The short story, ‘Harrison Bergeron’ by Kurt Vonnegut mirrors the Orwellian representation
of political oppression through its representation of a futuristic world that rigidly enforces
conformity, denying individuals the intellectual capacity to exercise control over their lives.
As the storyteller, Orwell and Vonnegut challenge audiences by imploring us to think upon
the consequences of manipulation, the result of an atomised society, and how man becomes
utterly powerless when thought and experience are repressed
Both Orwell and Vonnegut elucidate the crucial question about how state-controlled media
affects the human psyche and challenges audiences to avoid political apathy. Orwell,
influenced by his own experience working for the BBC and Ministry of Information, uses the
“two minutes of hate” to illuminate the consequence of propaganda. This cult-like political
ritual sees Winston inevitably subsumed into the collective chaos, which flowed through him
“like an electric current”. The simile illustrates the unavoidable nature and the propensity to
lead to unrestrained violence. When denied human interactions and the normal outlets for
emotional release, these complex, pent-up feelings have the propensity to erupt in violence
and anger. In its bid to control, even this most personal aspect of human response, the party
mandated two minutes of hate orchestrates and directs these feelings in a psychological
powerplay. We see how Big Brother, and dictators such as Hitler at the Nuremberg Rally, can
use this outpouring to promote party fervour and galvanise the populace against a common
foe, thus redirecting frustrations away from it.
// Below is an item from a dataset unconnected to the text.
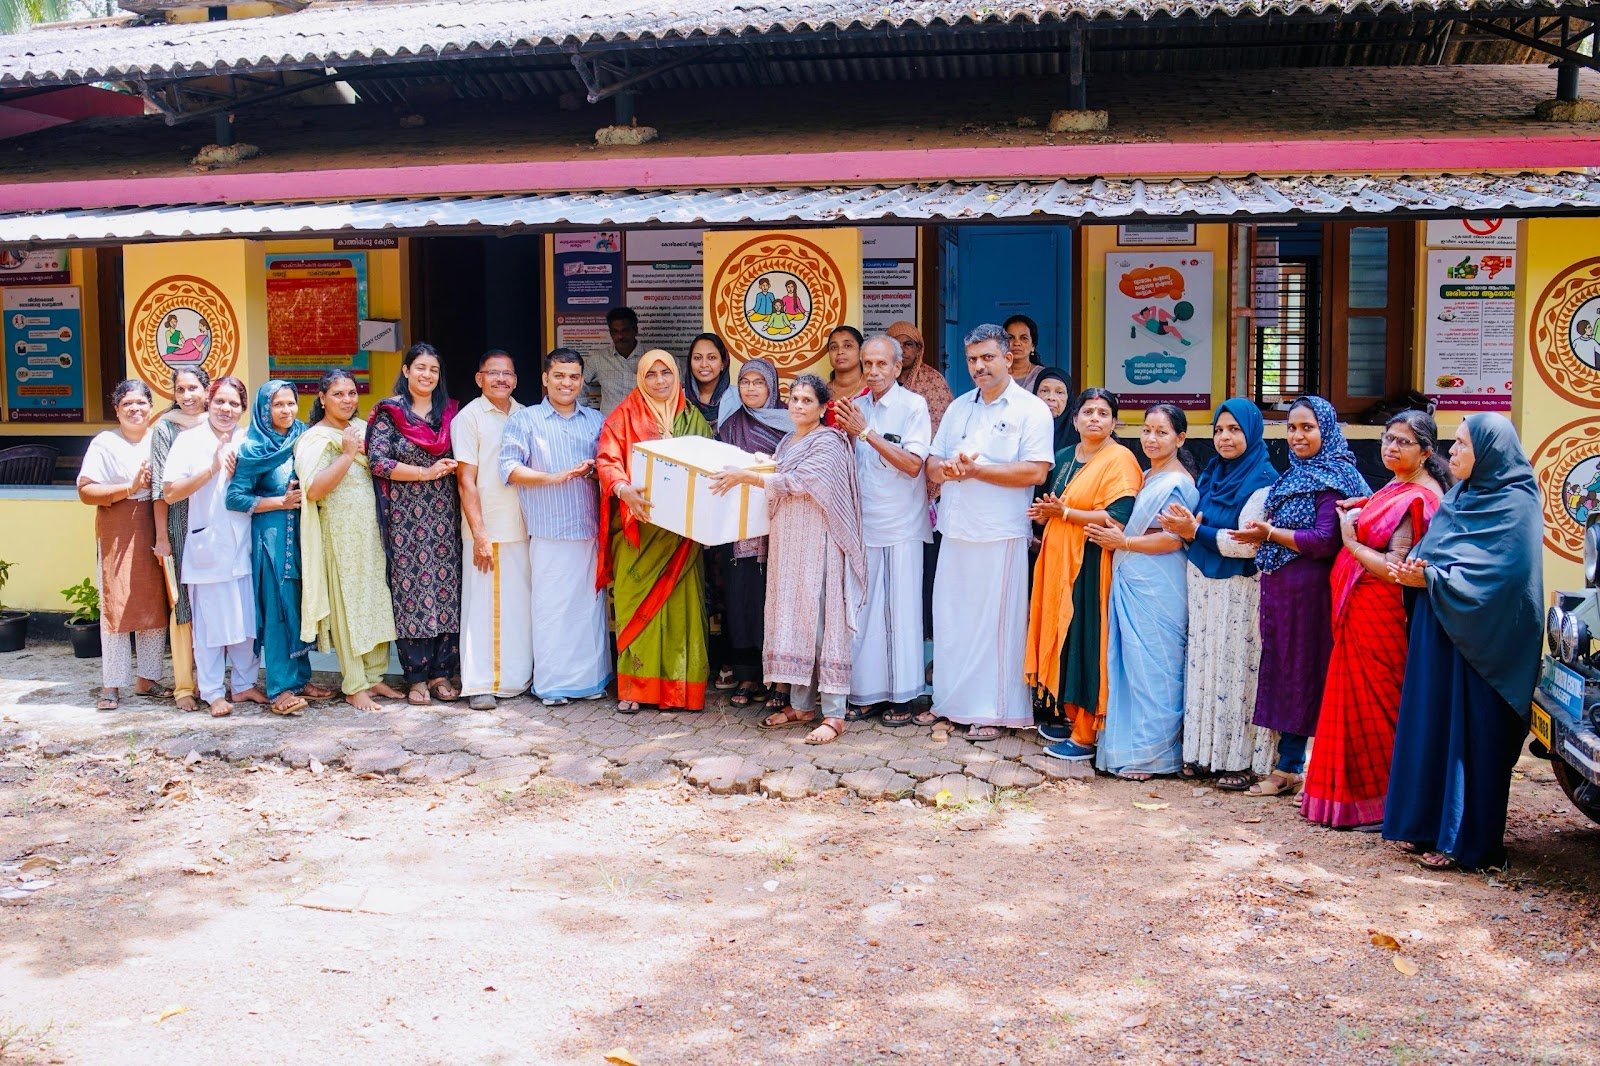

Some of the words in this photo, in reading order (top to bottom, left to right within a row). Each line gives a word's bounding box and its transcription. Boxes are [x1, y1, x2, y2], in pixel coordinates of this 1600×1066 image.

[1446, 289, 1479, 297] ശരിയായ
[361, 338, 374, 349] DOXY
[374, 327, 393, 342] CORNER
The human desire to conform and the power of
groupthink travel as an electric current, the simile capturing how the collective experience of
the populace has become a tool in the oppressors' arsenal. Orwell’s alarming vision of the
way the political intrudes on the personal is further captured in Newspeak, an elaborate
strategy that further disempowers and destroys free thinking. The ultimate goal is to eliminate
dissenters and rebels by making “thoughtcrime literally impossible". It is seen here in Syme’s
claim “it’s a beautiful thing, the destruction of words” the harrowing adulteration of our
ordinary human values, conveyed in the oxymoron ‘beautiful... destruction’. It portrays how
by limiting the vocabulary, the Party silences the revolt itself. This ubiquitous propaganda is
also redolent in Vonnegut’s ‘Harrison Bergeron’ where he suggests that propaganda is
violent and all-consuming, even if its effects aren’t physical or even outwardly sinister. The
extent of their indoctrination is clear when George and Hazel watch a televised performance
by a troupe of mediocre ballerinas, and George thinks that all of them are handicapped so that
nobody watching at home would be made to “feel like something the cat drug in.” He also
claims “The minute people start cheating on laws… [society would] fall apart.” George sees
the handicaps as the government protecting his well-being rather than consolidating power
through not allowing citizens to imagine other possibilities for their lives. In these totalitarian
societies, where people are without an ability to reflect on the past and what is fundamentally
‘true’, there is no capacity for understanding to crave change or rebellion without the
guidepost for any other model. Therefore Orwell and Vonnegut prompt audiences to realise
that from the debasement of human connection arises the truths about the susceptibility of the
human condition to totalitarian abuses of power.
By Elly Williams
By Elly Williams
In these models of social deficiency where the past, the present and the future is mutable, the
diminished lives of the characters manifest the consequence of living under totalitarianism.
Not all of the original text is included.